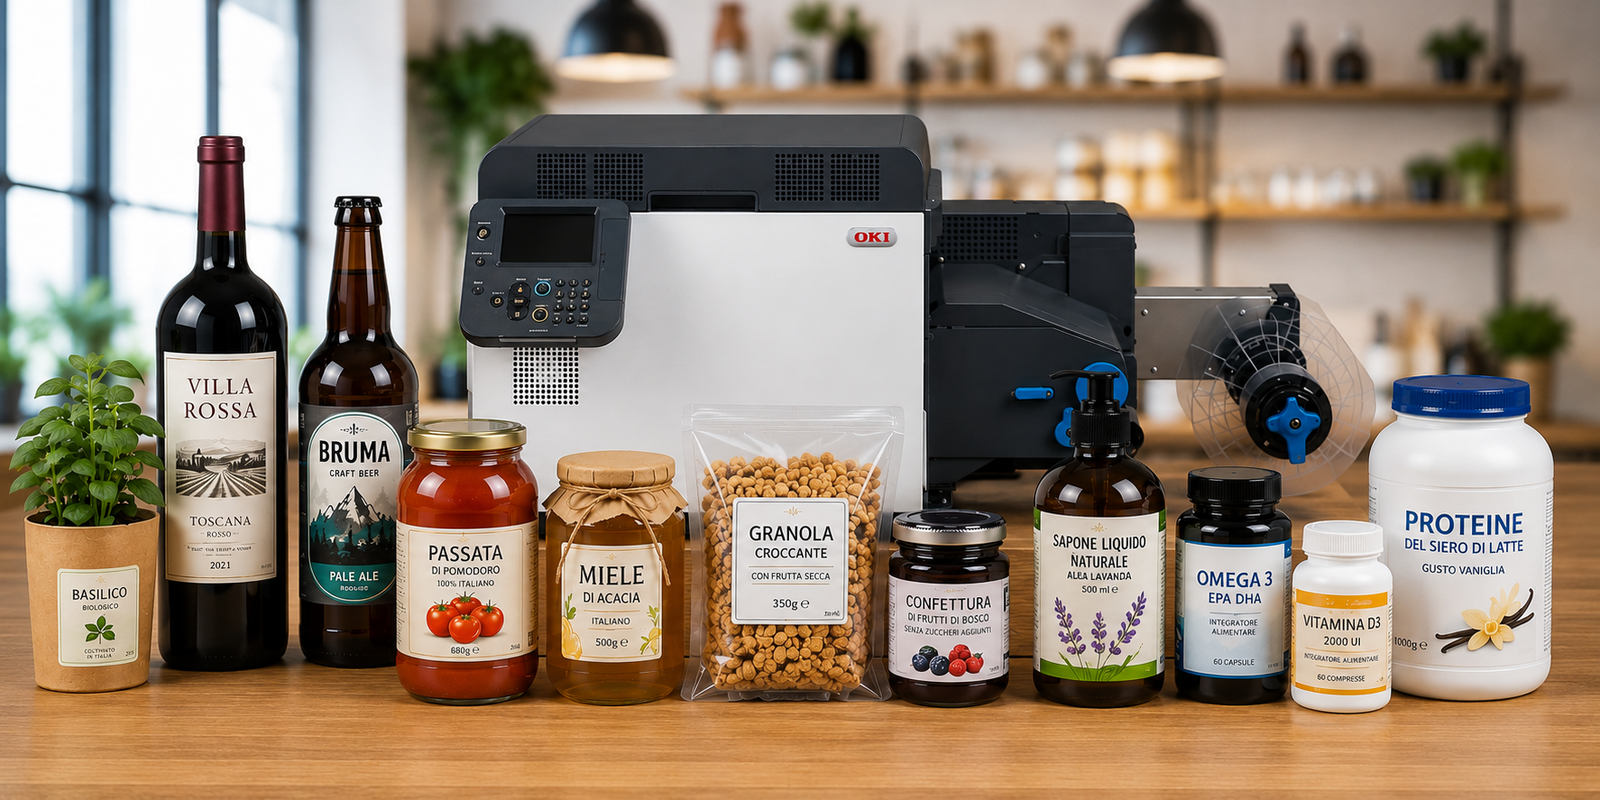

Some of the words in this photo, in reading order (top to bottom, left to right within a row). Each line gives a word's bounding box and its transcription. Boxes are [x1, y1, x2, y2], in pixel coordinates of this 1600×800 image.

[854, 231, 890, 243] OKI
[187, 377, 254, 395] VILLA
[184, 401, 257, 419] ROSSA
[319, 440, 390, 463] BRUMA
[329, 469, 355, 478] CRAFT
[358, 469, 379, 477] BEER
[189, 515, 251, 527] TOSCANA
[1405, 510, 1523, 536] PROTEINE
[749, 525, 834, 541] GRANOLA
[1053, 533, 1097, 550] SAPONE
[1102, 535, 1146, 552] LIQUIDO
[1404, 537, 1426, 551] DEL
[1429, 540, 1468, 554] SIERO
[1472, 542, 1485, 554] DI
[1489, 540, 1524, 553] LATTE
[428, 545, 503, 561] PASSATA
[755, 547, 827, 559] CROCCANTE
[210, 561, 231, 569] 2021
[1070, 554, 1128, 568] NATURALE
[431, 566, 441, 575] DI
[443, 565, 501, 575] POMODORO
[579, 565, 644, 585] MIELE
[1421, 563, 1456, 575] GUSTO
[1459, 565, 1505, 575] VANIGLIA
[329, 571, 355, 581] PALE
[359, 571, 379, 581] ALE
[751, 572, 769, 580] CON
[771, 572, 802, 580] FRUTTA
[804, 572, 831, 580] SECCA
[1090, 571, 1132, 580] LAVANDA
[1197, 570, 1260, 588] OMEGA
[1264, 571, 1273, 586] 3
[72, 587, 128, 601] BASILICO
[1081, 585, 1098, 593] 500
[1099, 585, 1110, 593] ml
[583, 592, 594, 603] DI
[597, 592, 641, 604] ACACIA
[905, 594, 991, 611] CONFETTURA
[1208, 592, 1232, 604] EPA
[1235, 592, 1262, 604] DHA
[82, 603, 119, 611] BIOLOGICO
[772, 599, 798, 611] 350g
[591, 617, 631, 625] ITALIANO
[907, 612, 916, 621] DI
[917, 613, 948, 625] FRUTTI
[950, 616, 959, 625] DI
[962, 613, 990, 624] BOSCO
[1209, 618, 1258, 627] INTEGRATORE
[1303, 614, 1365, 631] VITAMINA
[1367, 616, 1381, 630] D3
[904, 624, 924, 634] SENZA
[925, 626, 959, 636] ZUCCHERI
[960, 626, 991, 636] AGGIUNTI
[595, 637, 618, 649] 500g
[1323, 636, 1348, 646] 2000
[1351, 637, 1361, 646] UI
[1394, 636, 1418, 651] 1000g
[450, 646, 471, 656] 680g
[1213, 658, 1222, 666] 60
[1223, 658, 1255, 666] CAPSULE
[1317, 673, 1326, 681] 60
[1326, 674, 1365, 682] COMPRESSE

════

• [Problem description]
Could you write out the whole listing exactly, skipping every picture?

• [Exercise response]
Some of the words in this photo, in reading order (top to bottom, left to right within a row). Each line gives a word's bounding box and its transcription. Boxes are [x1, y1, x2, y2], in pixel coordinates of this 1600×800 image.

[854, 231, 890, 243] OKI
[187, 377, 254, 395] VILLA
[184, 401, 257, 419] ROSSA
[319, 440, 390, 463] BRUMA
[329, 469, 355, 478] CRAFT
[358, 469, 379, 477] BEER
[189, 515, 251, 527] TOSCANA
[1405, 510, 1523, 536] PROTEINE
[749, 525, 834, 541] GRANOLA
[1053, 533, 1097, 550] SAPONE
[1102, 535, 1146, 552] LIQUIDO
[1404, 537, 1426, 551] DEL
[1429, 540, 1468, 554] SIERO
[1472, 542, 1485, 554] DI
[1489, 540, 1524, 553] LATTE
[428, 545, 503, 561] PASSATA
[755, 547, 827, 559] CROCCANTE
[210, 561, 231, 569] 2021
[1070, 554, 1128, 568] NATURALE
[431, 566, 441, 575] DI
[443, 565, 501, 575] POMODORO
[579, 565, 644, 585] MIELE
[1421, 563, 1456, 575] GUSTO
[1459, 565, 1505, 575] VANIGLIA
[329, 571, 355, 581] PALE
[359, 571, 379, 581] ALE
[751, 572, 769, 580] CON
[771, 572, 802, 580] FRUTTA
[804, 572, 831, 580] SECCA
[1090, 571, 1132, 580] LAVANDA
[1197, 570, 1260, 588] OMEGA
[1264, 571, 1273, 586] 3
[72, 587, 128, 601] BASILICO
[1081, 585, 1098, 593] 500
[1099, 585, 1110, 593] ml
[583, 592, 594, 603] DI
[597, 592, 641, 604] ACACIA
[905, 594, 991, 611] CONFETTURA
[1208, 592, 1232, 604] EPA
[1235, 592, 1262, 604] DHA
[82, 603, 119, 611] BIOLOGICO
[772, 599, 798, 611] 350g
[591, 617, 631, 625] ITALIANO
[907, 612, 916, 621] DI
[917, 613, 948, 625] FRUTTI
[950, 616, 959, 625] DI
[962, 613, 990, 624] BOSCO
[1209, 618, 1258, 627] INTEGRATORE
[1303, 614, 1365, 631] VITAMINA
[1367, 616, 1381, 630] D3
[904, 624, 924, 634] SENZA
[925, 626, 959, 636] ZUCCHERI
[960, 626, 991, 636] AGGIUNTI
[595, 637, 618, 649] 500g
[1323, 636, 1348, 646] 2000
[1351, 637, 1361, 646] UI
[1394, 636, 1418, 651] 1000g
[450, 646, 471, 656] 680g
[1213, 658, 1222, 666] 60
[1223, 658, 1255, 666] CAPSULE
[1317, 673, 1326, 681] 60
[1326, 674, 1365, 682] COMPRESSE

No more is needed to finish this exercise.